I can defend myself… I am not deadweight.

Cornered. Her heart pounded up into her ears. She turned just in time to see the soldiers close in on her. She fell backwards into a corner. She winced as her breathing crushed and expanded her chest violently. As they advanced, smirking, the agonizing creak finally reached its full, loud snap.

Dali grabbed the first man by his clothing and forced him to the floor with her. The second man snapped into action at his partner’s defense, but she was up by then, rock in hand, and slammed it into his face. He staggered back. The first man was up again and she struck him in the throat while she heaved herself into his chest. They went down to the dirt together, where she repeatedly smashed his head in with the rock. Blood caked its way under her nails; some of it was hers.

The second man, face bleeding, snagged her from his partner’s gurgling body. She fought and pulled, then jerked sideways with all her force and weight. The man fell with her off balance. Dali promptly threw her head backwards striking him in the face again. He still didn’t let her go.

Dali saw flashes of a man she once knew, a man who had done nothing but abuse her. Even after escaping him, that man kept her in his sights. He wished only to rape what he saw was his. He did not succeed.

She would not lose. Dali wedged her foot in between her assailant’s legs; he then held her foot there in a vise clamping his legs together tightly. She wanted that. She used her trapped foot as a point of leverage while she swung her free leg out then swiftly and harshly down against him. She kicked at his knees nearly three times before he loosened his grip on her, and she slid free.

Her shoulders and elbows were torn from grit and gravel. She didn’t notice as she proceeded to stomp the man’s throat. From the dark hall, Spade crashed into the doorway. He had followed her screams which had hardly stopped since the men attacked her. She didn’t even notice her screaming anymore. Their eyes met, and she collapsed.
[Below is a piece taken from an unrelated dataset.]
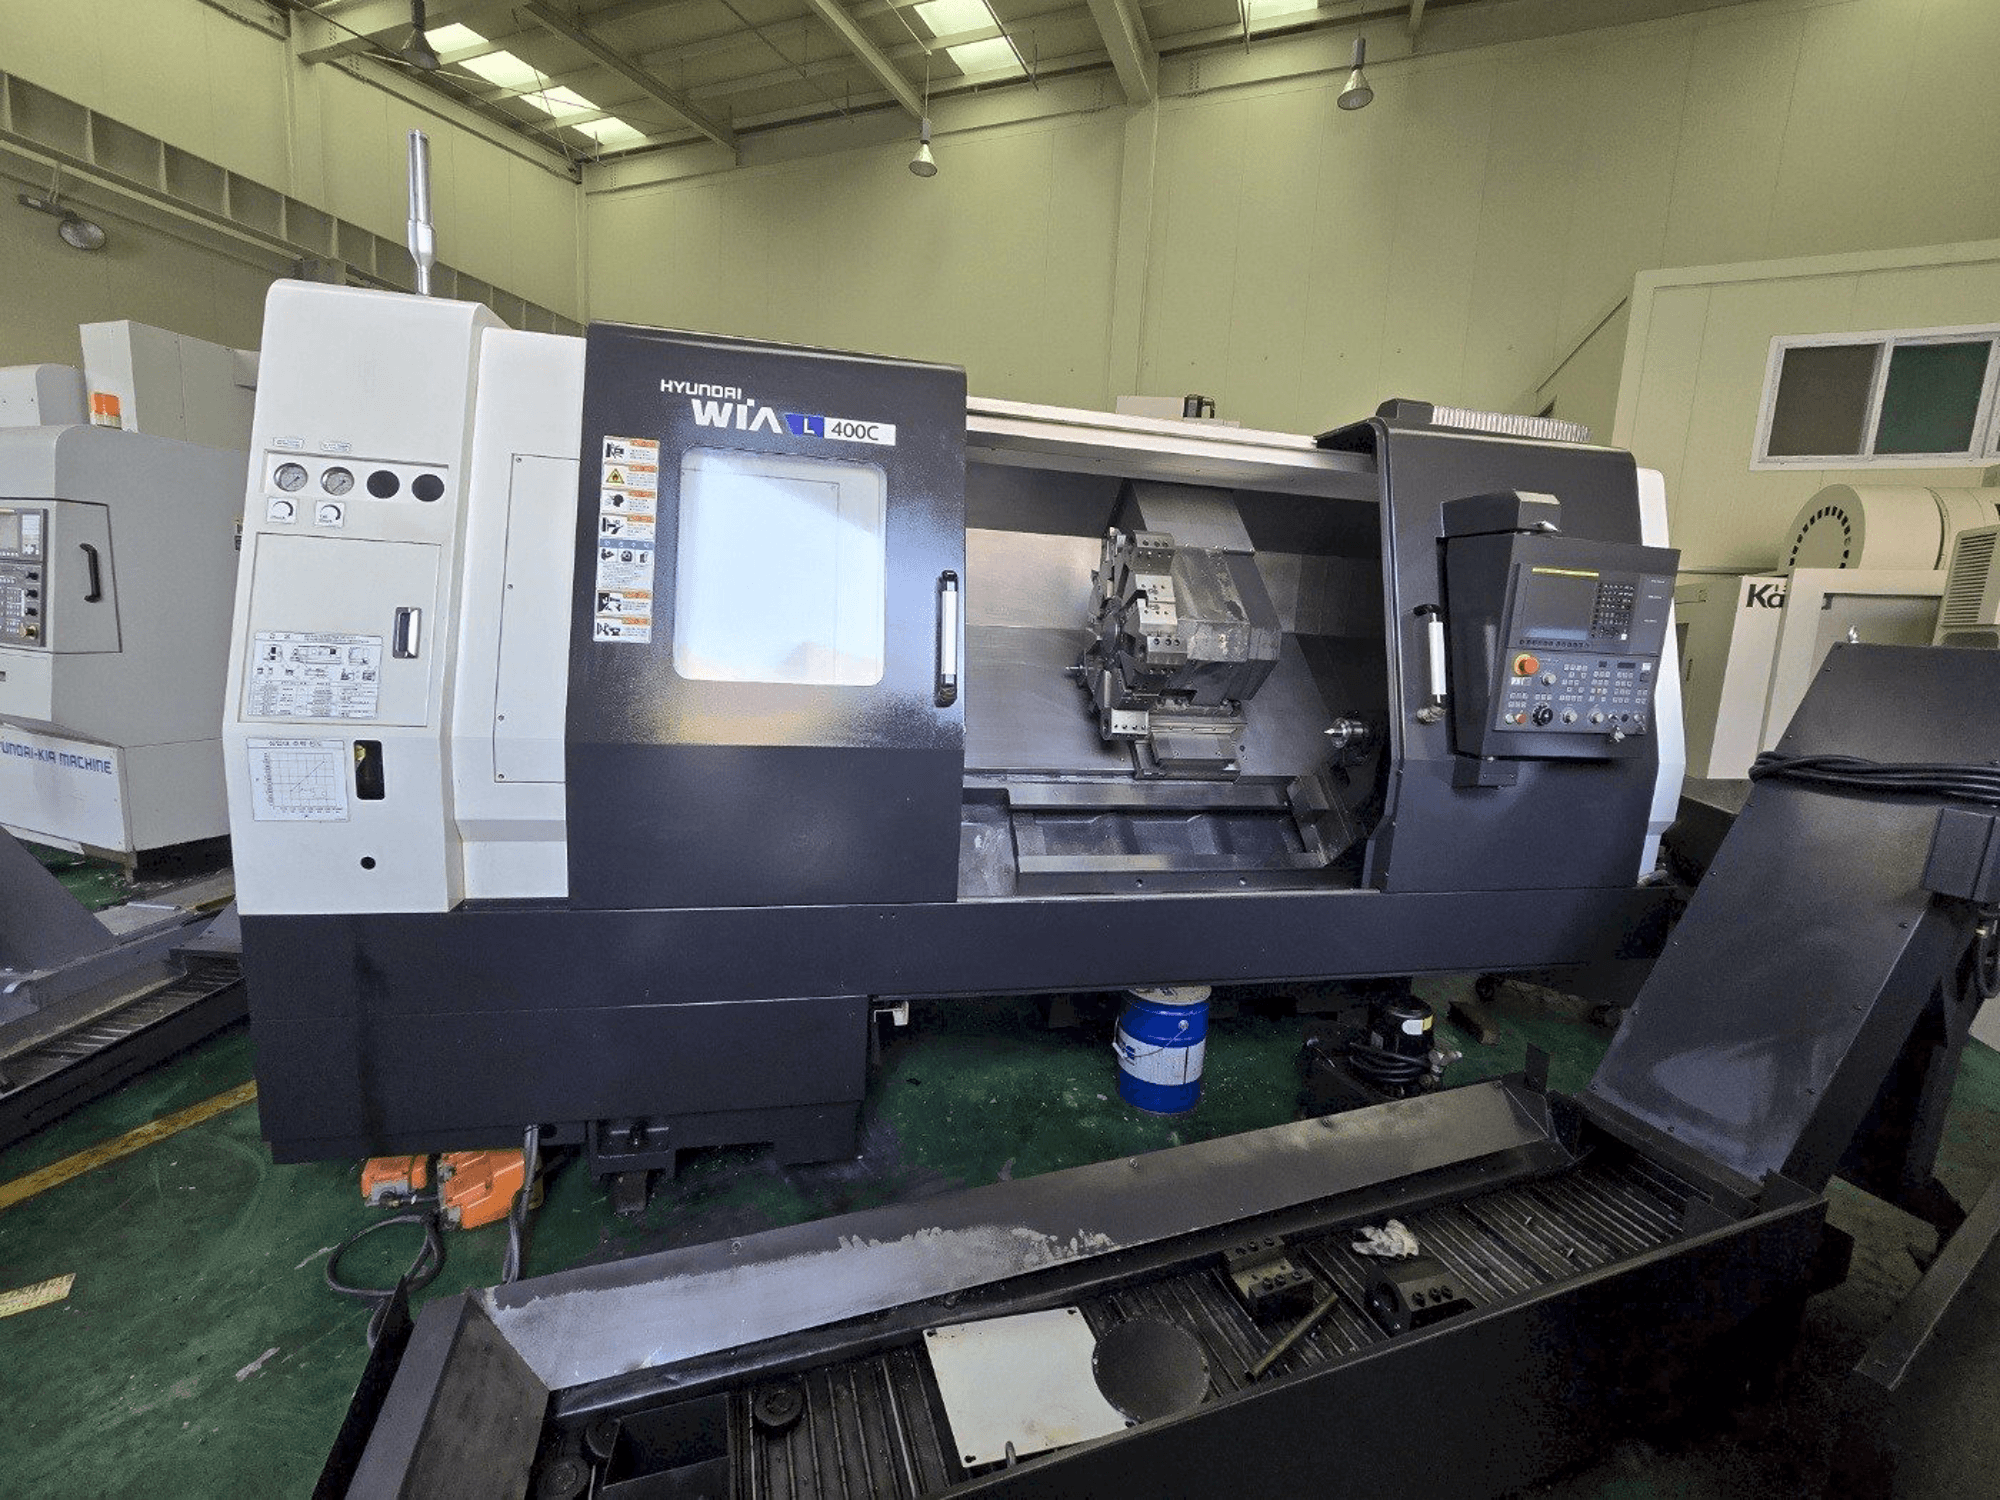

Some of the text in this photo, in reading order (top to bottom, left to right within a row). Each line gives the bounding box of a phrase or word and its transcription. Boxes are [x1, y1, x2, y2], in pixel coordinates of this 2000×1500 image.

[660, 379, 742, 400] HYUNDAI
[803, 417, 880, 442] L 400C
[59, 752, 112, 775] MACHINE
He caught her just before she completely hit the ground, but the damage had already marked her inside and out.

Exhaustion and fatigue settled heavily in Dali’s whole body. She was calm now, but her mind was still far from balance. Spade’s gaze wandered to the two men Dali had demolished.

“I know you hate it, but you did a great job. Again.” He held her like a baby sister. Spade was no stranger to Dali’s ruthless, defensive anxiety. He had grown accustomed to soothing her aftermath with a gentle cradle, a stroke of her dark curls, and eventually a chunk of chocolate. He always brought chocolate with him on every mission for her spells.
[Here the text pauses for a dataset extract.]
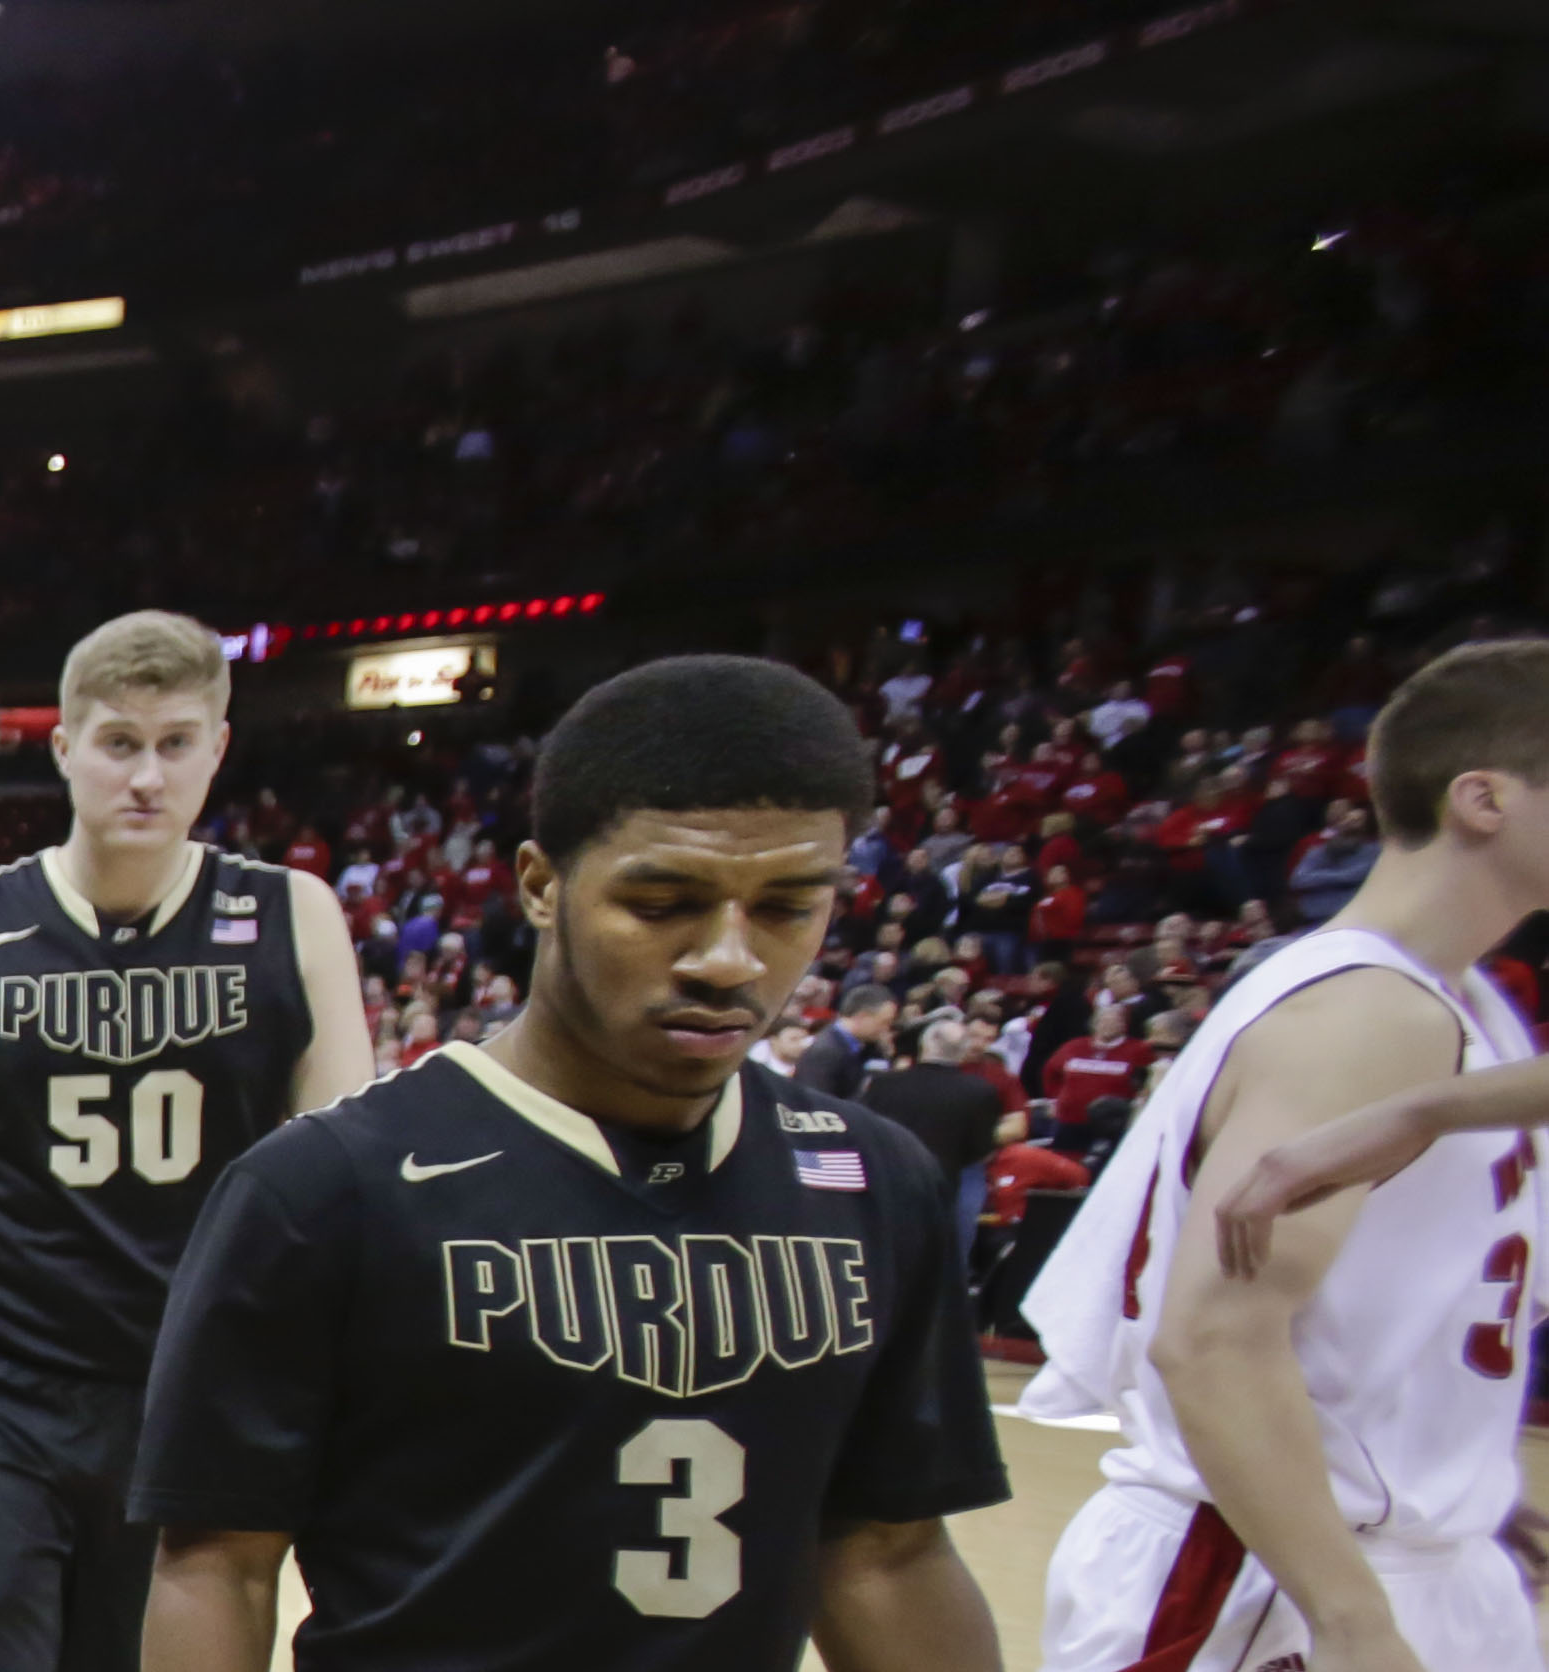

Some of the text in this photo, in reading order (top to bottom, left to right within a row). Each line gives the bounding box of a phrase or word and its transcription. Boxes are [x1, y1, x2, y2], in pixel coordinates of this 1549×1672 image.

[0, 965, 248, 1065] PURDUE
[48, 1069, 203, 1188] 50
[441, 1234, 874, 1398] PURDUE
[610, 1417, 747, 1619] 3
“We’ll get to the Jeep, you’ll crawl in the backseat, and you’ll snack on some chocolate while we drive far away from here.” Spade assured her. His gentle voice was just as calming then as it had been terrifying before when interrogating Beitel. It depended upon the situation, but Dali was never terrified of him.

Dali pulled back from Spade, signaling that she was well enough to sit alone. Spade took this chance to investigate her attackers.

The two men were in uniform, sandstorm camouflage, but Spade could not find any trace of their specific military branch, much less government affiliation. He felt around their necks for dog tags, but there was nothing. He searched their pockets, but again found nothing.

“They should have dog tags. How do they not have dog tags?” He muttered. It concerned him. Spade was ex-Navy, he knew they couldn’t be real American soldiers. “So who are you?”